- Born: 11 May 1953 India
- Died: 29 June 2020 (aged 67) Hyderabad, India
- Occupation: Scientist
- Known for: Insect Molecular Physiology, Integrated Insect Pest Management, Comparative Physiology, Endocrinology

= Aparna Dutta Gupta =

Indian scientist and professor (born 1953)

Aparna Dutta Gupta (11 May 1953 - 29 June 2020) was an Indian zoologist, Professor and academic. She taught in the Department of Animal Biology, School of Life Sciences, University of Hyderabad. Her research focused on zoology, developmental biology and endocrinology. She carried out research in the field of insect physiology, focusing on pests and their control.

==Early life and education==

Gupta obtained her bachelor's, masters, and doctoral degrees from Banaras Hindu University.

She was a Fulbright Scholar and visiting scientist at the Department of Biology of Marquette University, Milwaukee, USA, from 1984–1985. She was also a fellow of the Indo-German Exchange Programme (1991), INSA-Czech Academy Exchange (2000), DST-DAAD Personal Exchange (1999–2003), INSA-DFG International Exchange (2008) and INSA-JSPS Bilateral Exchange (2012).

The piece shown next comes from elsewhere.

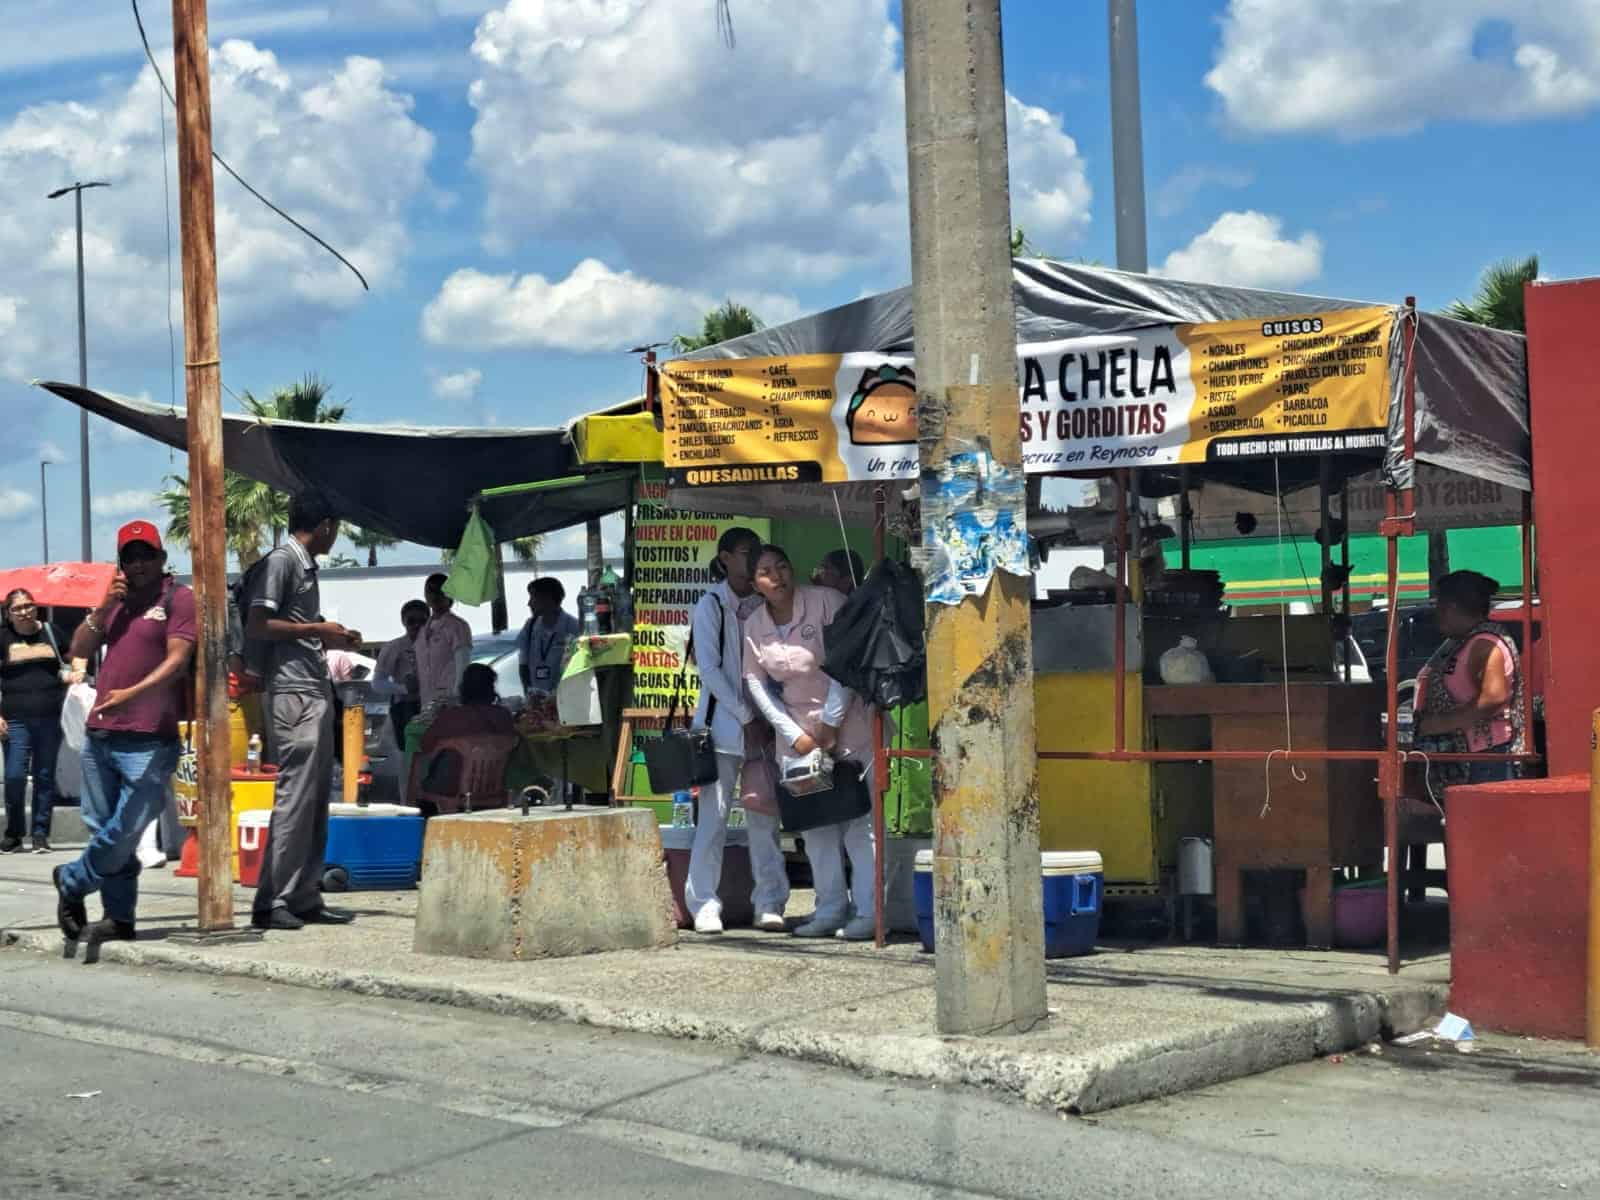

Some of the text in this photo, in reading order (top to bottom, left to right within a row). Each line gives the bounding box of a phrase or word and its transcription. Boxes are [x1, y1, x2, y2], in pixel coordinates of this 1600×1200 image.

She is also an elected Fellow of Indian National Science Academy (INSA), Indian Academy of Sciences (IASc), and the National Academy of Sciences (NASI).

==Career==
Gupta was the Coordinator of the Centre for Biotechnology (2003–2006) and also served as Head of the Department of Animal Sciences (2003–2007) at the University of Hyderabad.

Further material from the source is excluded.